Pendant les trois décennies qui ont suivi, le droit à l’avortement a été renforcé : en 2001, le délai légal a été allongé à 12 semaines. En 2013, l’IVG est remboursé à 100 % par l’Assurance maladie. En 2014, la notion de « détresse »  pour recourir à l’IVG est supprimée. 

Il restait à franchir l’étape de la « constitutionnalisation ». Vis-à-vis de ceux qui doutent de l’utilité de celle-ci, Gabriel Attal a eu hier des mots forts. « En une génération, en une année, en une semaine, on peut passer du tout au tout. Parlez-en aux Américaines qui doivent se battre pour le droit à l’IVG. (…) Parlez-en aux Hongroises et aux Polonaises pour qui l’IVG n’est plus une liberté consacrée. (…) En une génération, on a vu les Iraniennes passer du port de la jupe à celui du voile obligatoire, on a vu les Afghanes passer de la liberté d’aller à l’école à l’interdiction de s’instruire, on a vu tant et tant de femmes libres devenir des femmes tuées, oui, tuées, parce qu’elles refusent de se soumettre. » 

Inscrire la liberté d’avorter dans la Constitution, a conclu le Premier ministre, « c’est fermer la porte au tragique du passé, et à son long cortège de souffrances et de douleurs. (…) Oui, le train de l’oppression peut repasser. En ce jour, agissons pour que cela n’advienne pas. Que cela n’advienne jamais. » 

Ce discours a achevé d’emporter l’adhésion de l’écrasante majorité des députés et sénateurs, même certains qui étaient encore rétifs quelques jours auparavant.
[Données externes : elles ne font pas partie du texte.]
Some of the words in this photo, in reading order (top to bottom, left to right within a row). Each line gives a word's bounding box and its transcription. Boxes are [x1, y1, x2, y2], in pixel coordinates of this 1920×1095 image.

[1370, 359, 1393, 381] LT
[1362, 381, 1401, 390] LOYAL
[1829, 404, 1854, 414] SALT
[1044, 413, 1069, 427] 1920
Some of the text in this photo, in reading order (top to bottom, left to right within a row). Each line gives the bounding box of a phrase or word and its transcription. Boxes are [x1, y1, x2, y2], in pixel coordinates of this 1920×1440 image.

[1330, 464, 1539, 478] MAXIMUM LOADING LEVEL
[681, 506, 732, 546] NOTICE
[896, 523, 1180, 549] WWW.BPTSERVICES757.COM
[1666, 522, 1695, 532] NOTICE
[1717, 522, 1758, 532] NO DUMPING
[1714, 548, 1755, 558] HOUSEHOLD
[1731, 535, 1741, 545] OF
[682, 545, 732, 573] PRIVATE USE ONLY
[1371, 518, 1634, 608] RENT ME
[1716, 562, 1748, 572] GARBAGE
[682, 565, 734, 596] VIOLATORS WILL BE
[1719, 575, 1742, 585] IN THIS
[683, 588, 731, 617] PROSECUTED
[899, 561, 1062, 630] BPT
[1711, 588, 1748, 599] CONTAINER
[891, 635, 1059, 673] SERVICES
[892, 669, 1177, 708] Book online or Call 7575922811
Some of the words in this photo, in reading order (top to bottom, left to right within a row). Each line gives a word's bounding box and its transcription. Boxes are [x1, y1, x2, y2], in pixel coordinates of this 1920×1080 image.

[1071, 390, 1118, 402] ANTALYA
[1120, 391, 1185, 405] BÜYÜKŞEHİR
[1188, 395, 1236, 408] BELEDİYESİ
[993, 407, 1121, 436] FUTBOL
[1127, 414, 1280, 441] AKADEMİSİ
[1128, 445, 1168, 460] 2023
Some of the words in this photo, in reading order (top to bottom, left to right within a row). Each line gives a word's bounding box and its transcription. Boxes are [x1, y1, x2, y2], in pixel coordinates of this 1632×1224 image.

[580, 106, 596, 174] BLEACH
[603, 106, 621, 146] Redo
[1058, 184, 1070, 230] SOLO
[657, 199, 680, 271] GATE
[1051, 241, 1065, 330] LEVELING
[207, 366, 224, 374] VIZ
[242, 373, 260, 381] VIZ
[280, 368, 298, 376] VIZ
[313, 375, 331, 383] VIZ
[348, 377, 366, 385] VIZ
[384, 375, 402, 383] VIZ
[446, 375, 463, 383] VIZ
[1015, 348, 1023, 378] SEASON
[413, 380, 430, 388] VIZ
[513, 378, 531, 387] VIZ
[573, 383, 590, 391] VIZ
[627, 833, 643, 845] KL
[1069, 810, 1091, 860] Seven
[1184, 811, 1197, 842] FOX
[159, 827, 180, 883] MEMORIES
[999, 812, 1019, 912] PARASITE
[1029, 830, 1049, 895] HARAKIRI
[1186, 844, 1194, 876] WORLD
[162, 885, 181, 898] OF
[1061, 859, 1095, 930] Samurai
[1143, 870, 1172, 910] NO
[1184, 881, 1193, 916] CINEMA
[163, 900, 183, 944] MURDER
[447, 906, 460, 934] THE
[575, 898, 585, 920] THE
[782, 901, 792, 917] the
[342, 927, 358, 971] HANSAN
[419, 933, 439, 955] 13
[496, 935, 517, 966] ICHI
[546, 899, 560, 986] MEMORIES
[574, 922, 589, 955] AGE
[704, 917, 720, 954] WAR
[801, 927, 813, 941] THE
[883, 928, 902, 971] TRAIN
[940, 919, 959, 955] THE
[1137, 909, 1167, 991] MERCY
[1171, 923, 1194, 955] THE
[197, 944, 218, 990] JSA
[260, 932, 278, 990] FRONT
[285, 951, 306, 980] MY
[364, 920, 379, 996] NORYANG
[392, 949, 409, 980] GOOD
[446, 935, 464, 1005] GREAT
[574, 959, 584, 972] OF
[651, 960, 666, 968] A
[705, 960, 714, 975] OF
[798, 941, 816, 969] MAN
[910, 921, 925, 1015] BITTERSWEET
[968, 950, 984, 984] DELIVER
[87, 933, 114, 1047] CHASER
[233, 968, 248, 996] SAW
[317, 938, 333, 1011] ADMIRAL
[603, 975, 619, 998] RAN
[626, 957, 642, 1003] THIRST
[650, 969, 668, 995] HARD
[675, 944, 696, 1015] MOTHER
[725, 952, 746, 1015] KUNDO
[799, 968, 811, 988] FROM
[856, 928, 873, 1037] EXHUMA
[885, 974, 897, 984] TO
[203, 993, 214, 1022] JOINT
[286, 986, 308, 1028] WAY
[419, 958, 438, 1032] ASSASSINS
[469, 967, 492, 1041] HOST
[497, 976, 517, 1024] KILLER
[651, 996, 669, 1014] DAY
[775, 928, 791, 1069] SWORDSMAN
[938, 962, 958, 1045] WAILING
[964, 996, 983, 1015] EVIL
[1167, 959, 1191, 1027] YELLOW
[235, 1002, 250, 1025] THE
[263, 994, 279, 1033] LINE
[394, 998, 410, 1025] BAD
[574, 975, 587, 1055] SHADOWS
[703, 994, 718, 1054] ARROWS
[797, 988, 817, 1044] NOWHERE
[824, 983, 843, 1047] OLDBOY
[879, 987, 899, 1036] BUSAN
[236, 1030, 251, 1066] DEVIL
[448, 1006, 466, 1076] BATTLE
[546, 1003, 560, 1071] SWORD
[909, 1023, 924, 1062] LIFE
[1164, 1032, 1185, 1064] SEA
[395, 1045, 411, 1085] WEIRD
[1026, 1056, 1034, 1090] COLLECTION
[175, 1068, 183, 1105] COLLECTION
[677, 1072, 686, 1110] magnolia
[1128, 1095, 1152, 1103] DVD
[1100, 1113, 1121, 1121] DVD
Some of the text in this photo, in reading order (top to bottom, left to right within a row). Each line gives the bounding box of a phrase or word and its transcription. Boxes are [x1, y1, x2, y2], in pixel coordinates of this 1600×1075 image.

Comme, sans doute, a compté le poignant témoignage du sénateur de l’Allier Claude Malhuret sur son expérience, en tant que « jeune coopérant comme médecin-chef dans un hôpital d’un pays du sud »  – cétait au Maroc –, où il assista à l’arrestation d’une jeune femme ayant commis un infanticide à la naissance de son bébé, faute d’avoir pu recourir à l’interruption volontaire de grossesse. 

À l’énoncé du résultat du scrutin, hier, le Congrès s’est levé pour applaudir pendant de longues minutes – la présidente de l’Assemblée nationale elle-même, Yaël Braun-Pivet, se joignant aux applaudissements en dépit du protocole. 

Vendredi prochain, le 8 mars, à l’occasion de la Journée internationale du droit des femmes, le président de la République a annoncé qu’une cérémonie publique aurait lieu, au ministère de la Justice, pour procéder au « scellement »  du nouvel article de la Constitution.